We are all witnesses to the fact that "the most humble, the exploited, the poor and the excluded" can and do a lot ... When the poor organize themselves they become authentic "social poets: job creators, home builders, producers of foodstuffs, especially for those discarded from the world market "(Meeting with popular movements in Bolivia, Santa Cruz de la Sierra, 9 July 2015).

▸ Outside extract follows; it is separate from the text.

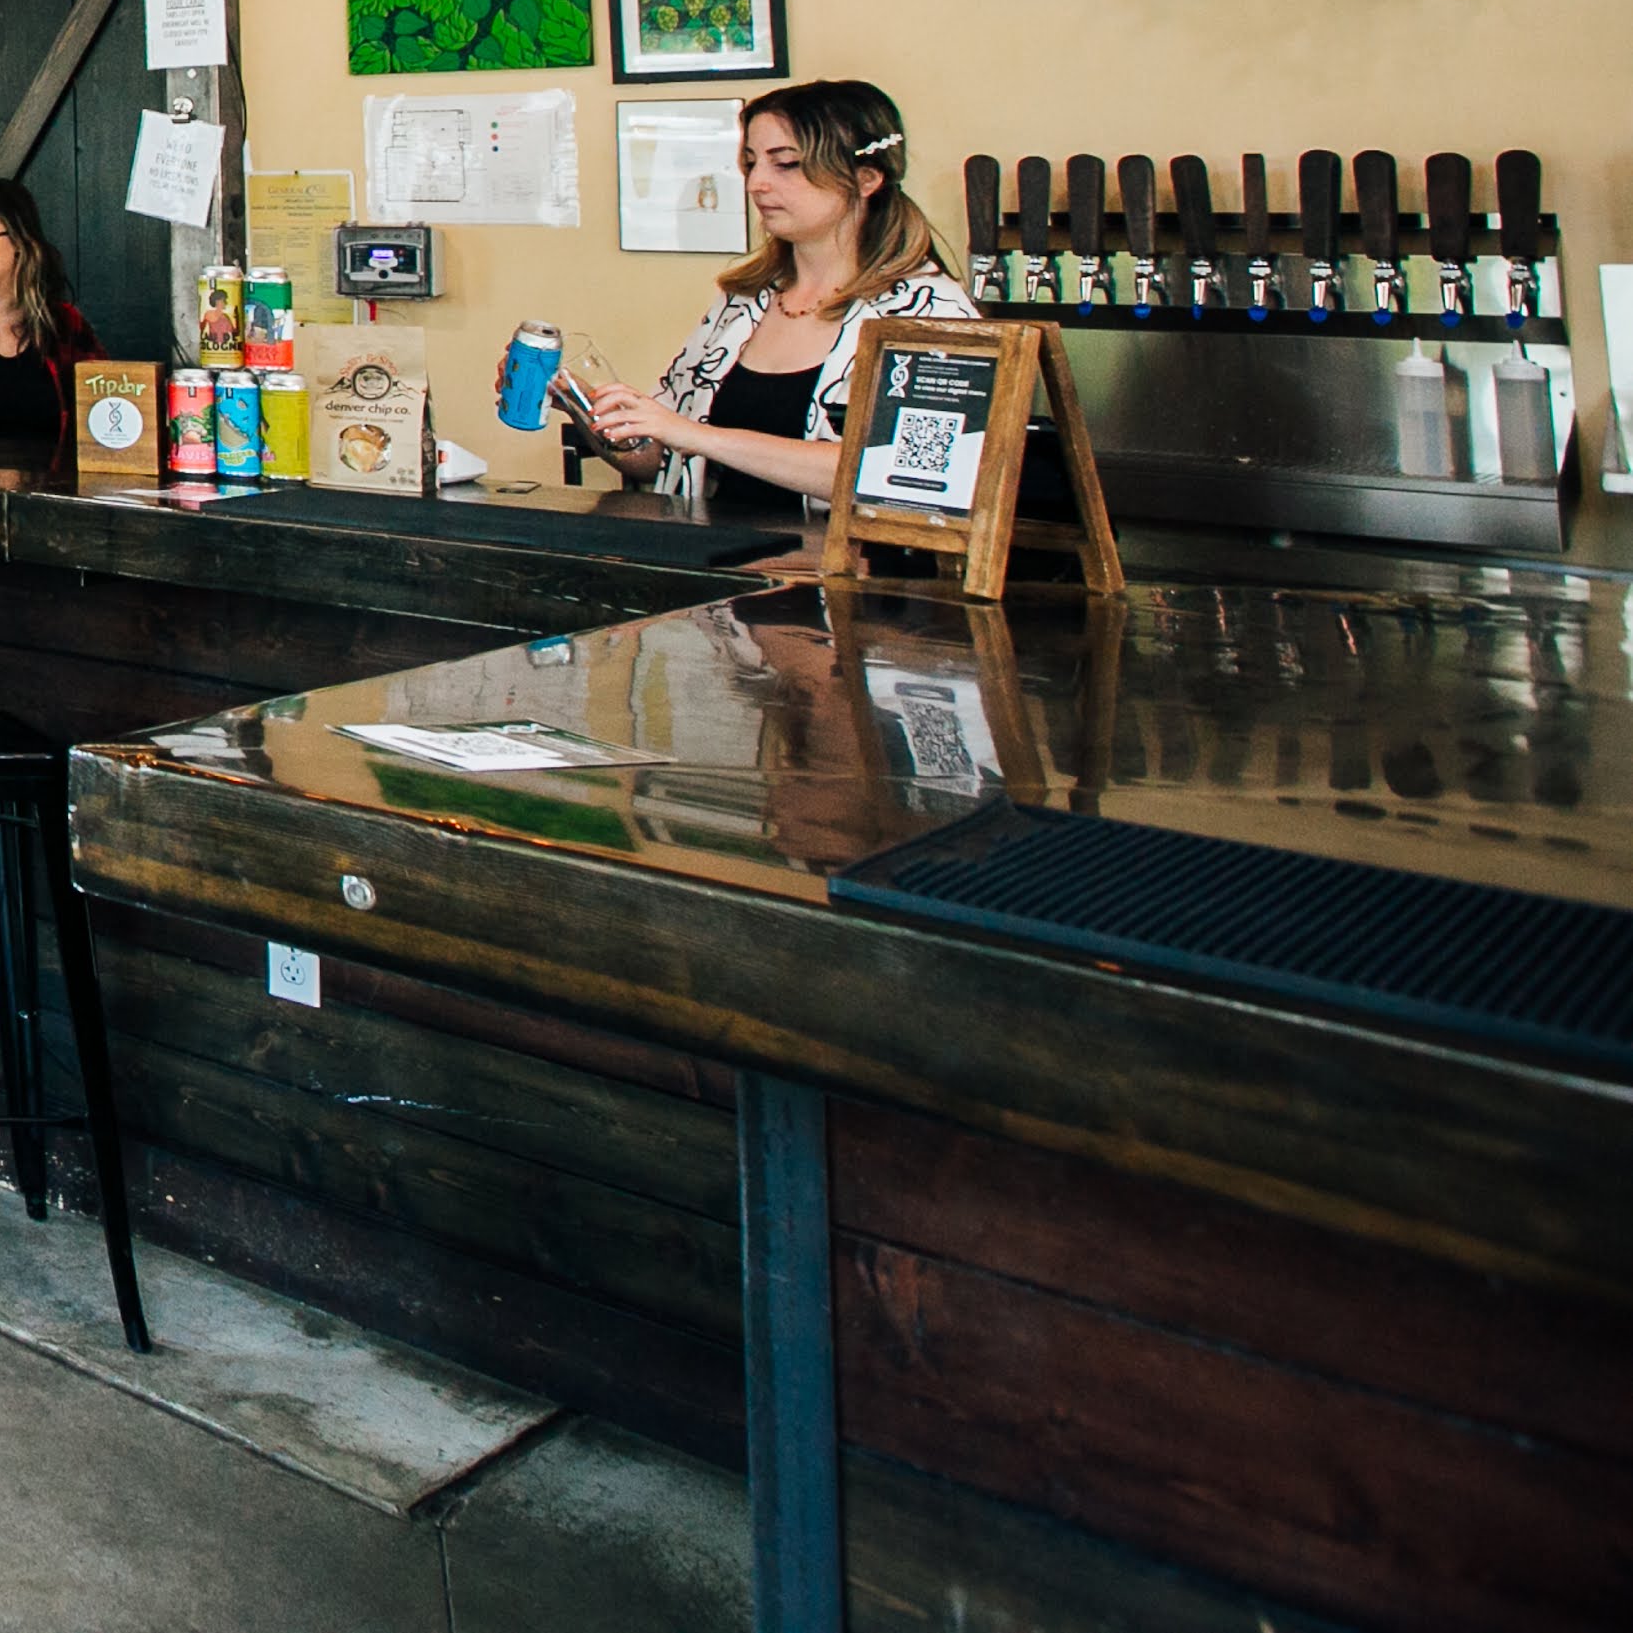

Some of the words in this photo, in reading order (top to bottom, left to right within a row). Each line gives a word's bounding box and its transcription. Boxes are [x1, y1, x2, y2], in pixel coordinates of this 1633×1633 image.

Does the social apostolate exist to solve problems? Yes, but above all to promote processes and encourage hopes. Processes that help people and communities to grow, that lead them to be aware of their rights, to deploy their skills and to create their own future.
Work for "the true Christian hope, which seeks the eschatological Kingdom, [and which] always generates history" (Apostolic Exhortation Evangelii Gaudium, No. 181). Share your hope where you are, to encourage, console, comfort and revive. Please open the future, or, to use the expression of a current man of letters, frequent the future. Open the future, create possibilities, generate alternatives, help to think and act in a different way. Treat your daily relationship with the resurrected and glorious Christ, and be workers of charity and sowers of hope. You walk singing and crying that the struggles and worries for the lives of the least and for the creation threatened do not take away from you the joy of hope (see Laudato si ’, n. 244).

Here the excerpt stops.